I say use a piece of skinned csst gas piping to blow hot air in with your blow torch. That will melt it good or maybe even light it on fire. Then you can run the snake through and stick it good while it's melted. Or just burn it all up.


Or pour some kerosene down, light it, and put your shop vac on blow. Gasoline would work too but that would be dangerous and irresponsible.








.


----------



## Tango (Jan 13, 2018)

OpenSights said:


> It’s there for a reason. Rotted out cast. Locate and bust up. This would be T&M for us with a worst case up front guesstimate.


Oh I see, Skoro has put that in, you know his trick, right? :vs_laugh:


----------



## Mykeeb33 (Mar 6, 2015)

OpenSights said:


> It’s there for a reason. Rotted out cast. Locate and bust up. This would be T&M for us with a worst case up front guesstimate.


I think it's been in there since the original installation in 1985. And I see no reason. It could have been kids playing in the ditches and piles of dirt after the plumbers went home after work, or a pissed off employee. I don't think it would make it around the closet bend.


----------



## ShtRnsdownhill (Jan 13, 2016)

hell just pour some gasoline down the drain and light it up, that piece will melt away quicker than snow in august......


----------



## OpenSights (Mar 23, 2015)

‘85 I have hard time believing cast was original... but I have come across clay less than 10 years old. My town was the clay city. 

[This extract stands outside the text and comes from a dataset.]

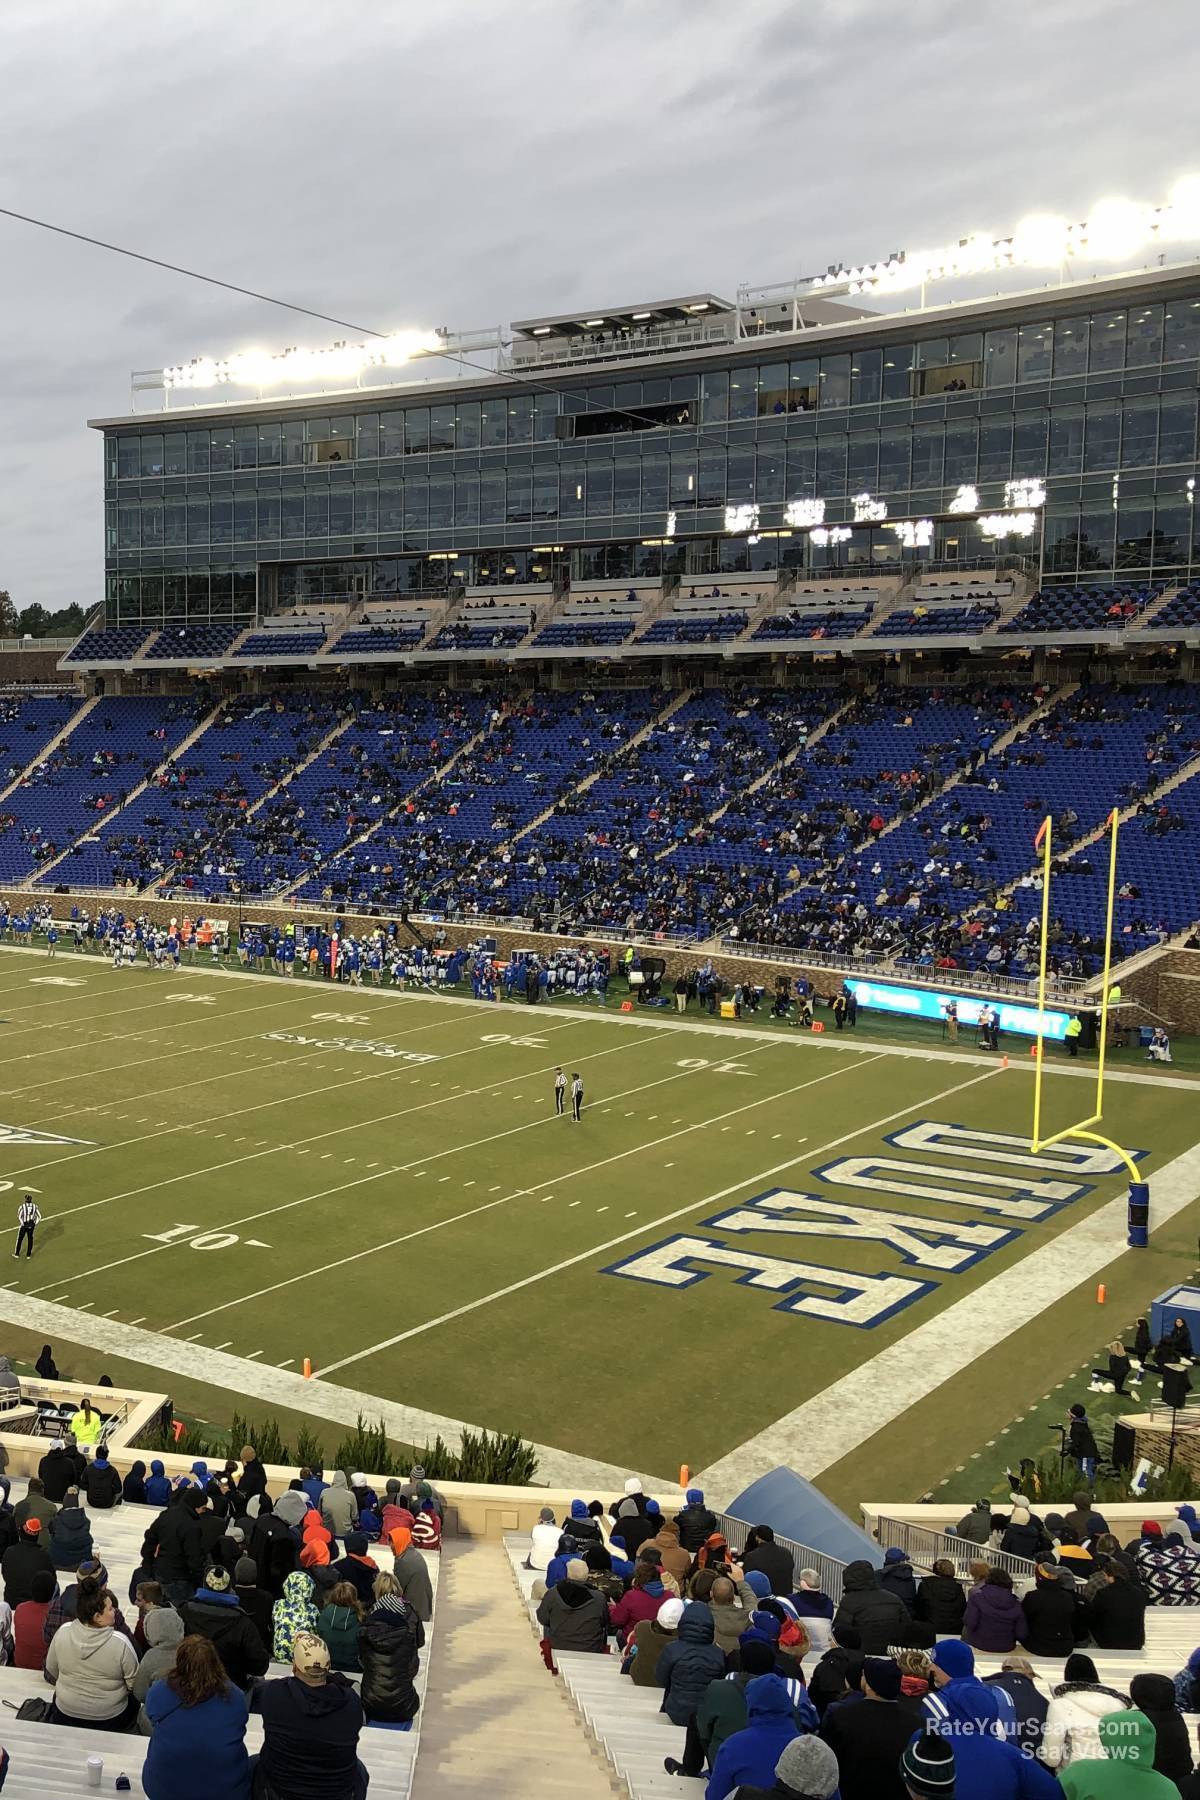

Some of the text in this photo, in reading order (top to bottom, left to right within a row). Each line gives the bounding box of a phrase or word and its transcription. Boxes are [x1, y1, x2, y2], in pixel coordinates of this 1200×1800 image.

[260, 1033, 441, 1062] BROOKS
[141, 1223, 240, 1251] 10
[599, 1119, 1152, 1330] DUKE

Under tile it’s hard to say if it was busted up before....


----------



## Mykeeb33 (Mar 6, 2015)

Tango said:


> Can't you just make a hook with some flat stock steel?

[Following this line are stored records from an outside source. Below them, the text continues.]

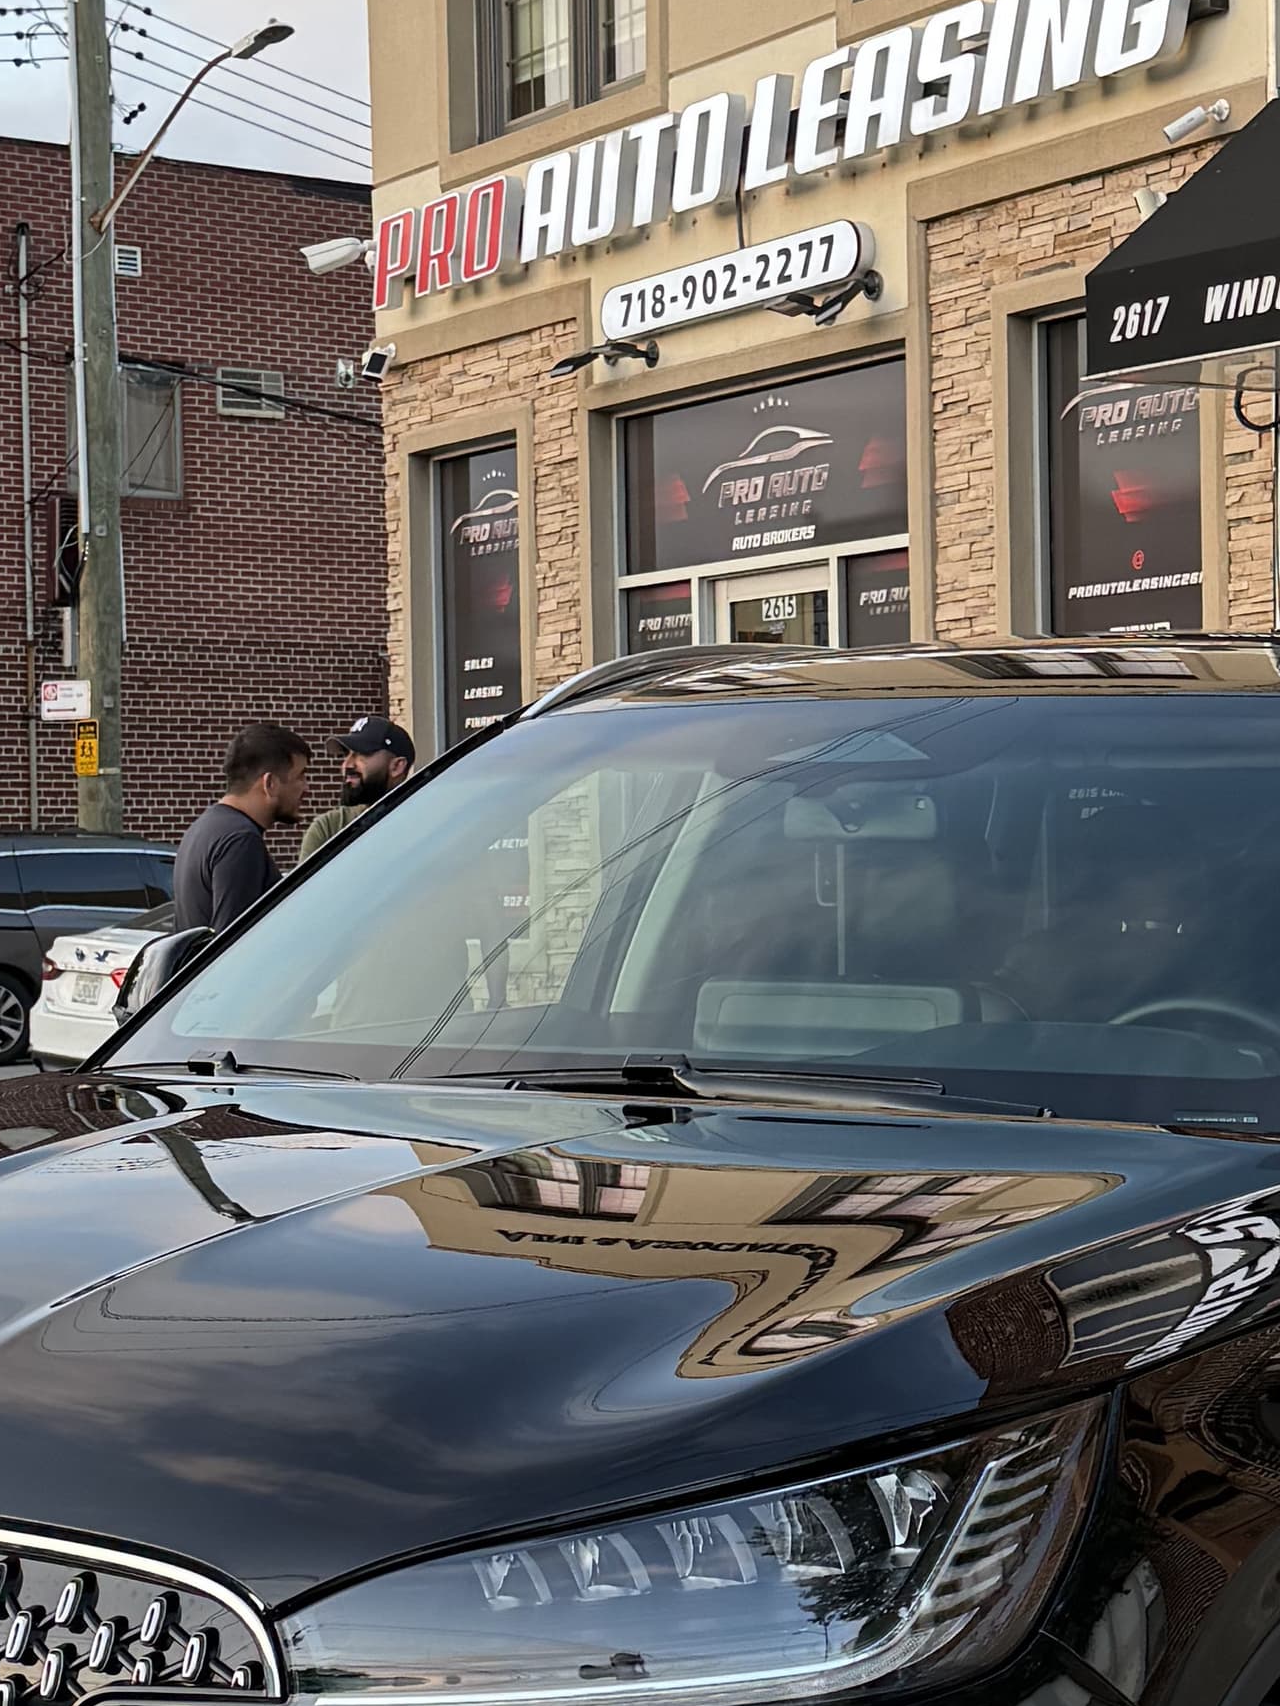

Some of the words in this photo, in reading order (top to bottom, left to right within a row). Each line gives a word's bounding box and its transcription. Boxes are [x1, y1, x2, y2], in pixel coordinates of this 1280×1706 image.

[373, 173, 519, 311] PRO
[519, 91, 743, 265] AUTO
[620, 233, 837, 329] 718-902-2277
[1110, 296, 1170, 343] 2617
[1079, 400, 1131, 431] PRO
[718, 476, 765, 509] PRO
[767, 463, 830, 499] AUTO
[732, 534, 762, 551] AUTO
[762, 525, 816, 547] BROKERS
[764, 596, 795, 618] 2615

I guess I'm going to have to pull the toilet, remove tile, jack through the floor down to the 1/4 bend, pull it off, get a 2' piece of 1/2" all thread, use it to hammer the ABS loose, pull it out hoping the 4" cast is there and undamaged, and then put it all back together. Dang! I was hoping someone would be able to save me from this. 
It's my own condo, so I'll have to do the work.


----------



## Tango (Jan 13, 2018)

Mykeeb33 said:


> I guess I'm going to have to pull the toilet, remove tile, jack through the floor down to the 1/4 bend, pull it off, get a 2' piece of 1/2" all thread, use it to hammer the ABS loose, pull it out hoping the 4" cast is there and undamaged, and then put it all back together. Dang! I was hoping someone would be able to save me from this.
> It's my own condo, so I'll have to do the work.

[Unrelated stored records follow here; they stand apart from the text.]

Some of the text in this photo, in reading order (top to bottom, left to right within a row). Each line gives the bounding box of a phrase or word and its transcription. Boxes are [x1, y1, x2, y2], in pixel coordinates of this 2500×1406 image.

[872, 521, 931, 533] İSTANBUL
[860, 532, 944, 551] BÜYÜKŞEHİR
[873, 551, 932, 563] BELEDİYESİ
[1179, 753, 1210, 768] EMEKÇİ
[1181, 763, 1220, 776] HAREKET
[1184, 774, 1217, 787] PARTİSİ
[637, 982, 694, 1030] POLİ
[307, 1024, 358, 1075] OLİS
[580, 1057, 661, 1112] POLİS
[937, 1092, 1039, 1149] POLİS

I was thinking to make a hook onto a cable machine but it's just an idea without knowing if it's going to work. Here's another crazy idea, is it possible to send a come along cable in there? yeah that might not be too smart. :vs_OMG:

If not charge for it or just say you won't do it for what ever reason and let someone else take on this issue.


----------



## skoronesa (Oct 27, 2015)

Tango said:


> ................
> If not charge for it or just say you won't do it for what ever reason and let someone else take on this issue.







Mykeeb33 said:


> .................
> It's my own condo, so I'll have to do the work.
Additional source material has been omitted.